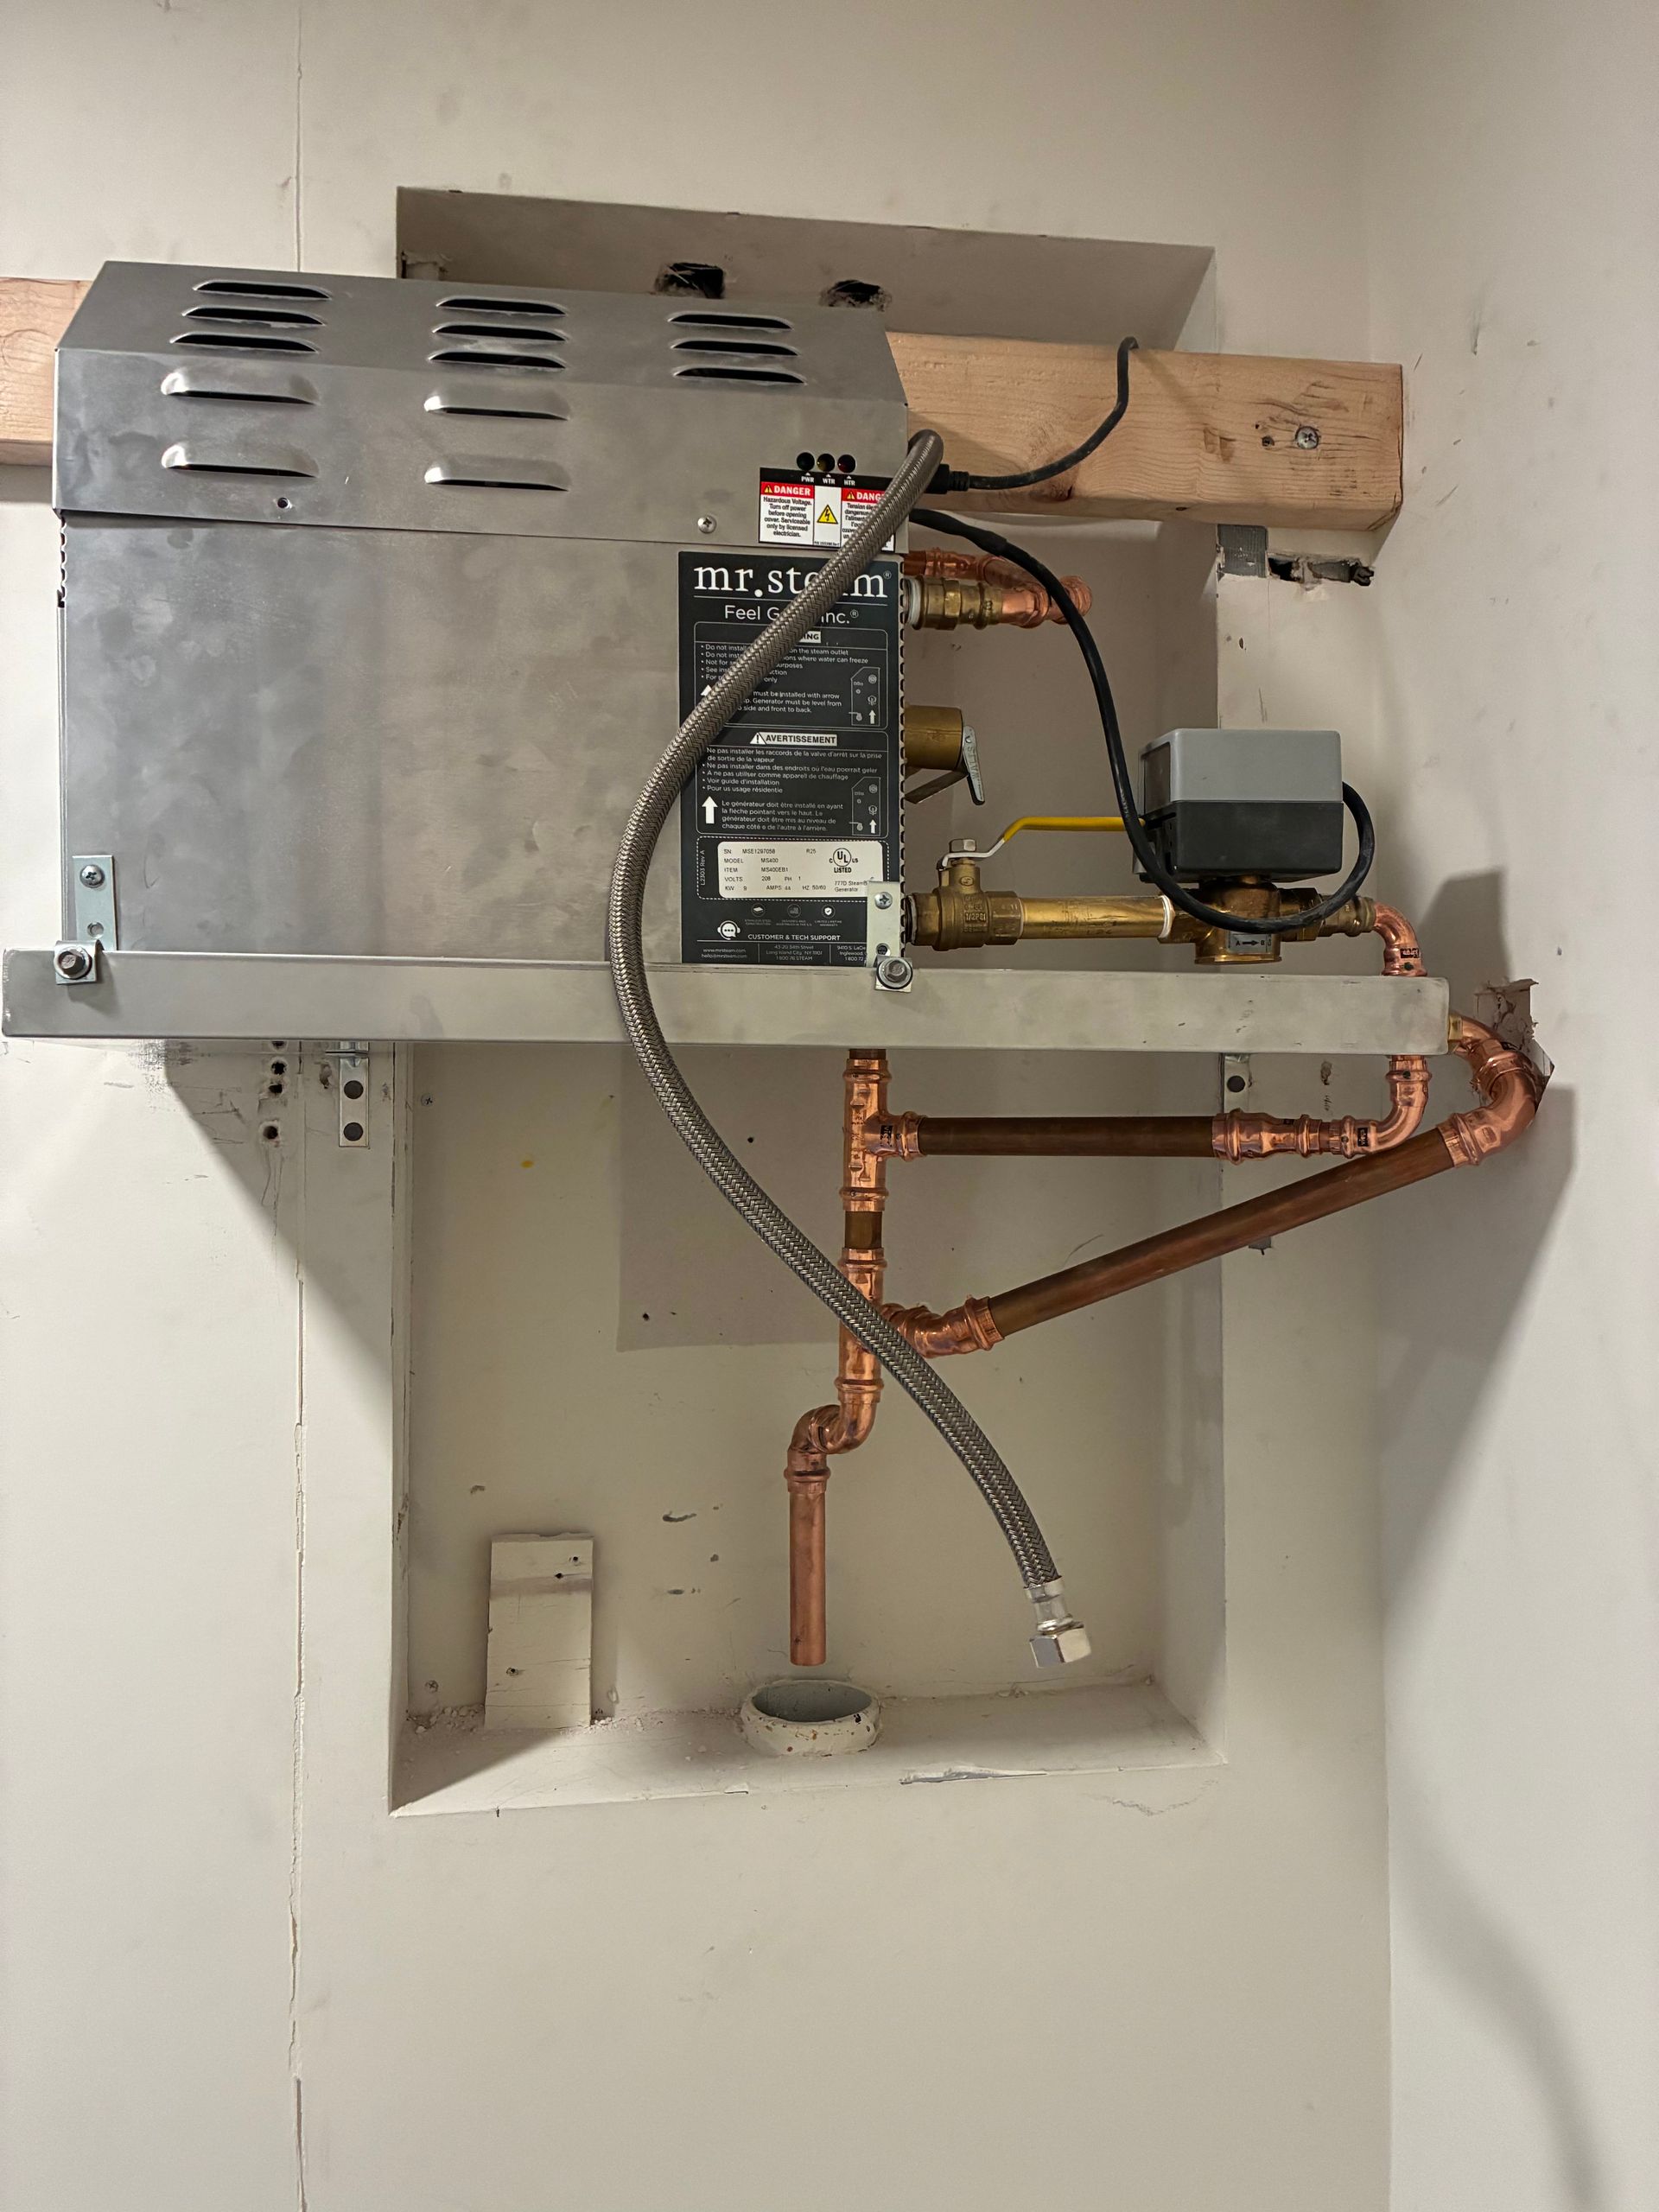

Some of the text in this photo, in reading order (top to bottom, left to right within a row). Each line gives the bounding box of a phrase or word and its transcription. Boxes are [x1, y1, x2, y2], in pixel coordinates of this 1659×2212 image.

[774, 486, 810, 496] DANGER
[857, 492, 885, 500] DANG
[694, 566, 892, 598] mr.stm®
[725, 606, 760, 620] Feel
[766, 734, 836, 744] AVERTISSEMENT

# Task details
Set down every entry above again exactly, dropping each picture.

# Solution below
Some of the text in this photo, in reading order (top to bottom, left to right within a row). Each line gives the bounding box of a phrase or word and its transcription. Boxes are [x1, y1, x2, y2], in pixel coordinates of this 1659×2212 image.

[774, 486, 810, 496] DANGER
[857, 492, 885, 500] DANG
[694, 566, 892, 598] mr.stm®
[725, 606, 760, 620] Feel
[766, 734, 836, 744] AVERTISSEMENT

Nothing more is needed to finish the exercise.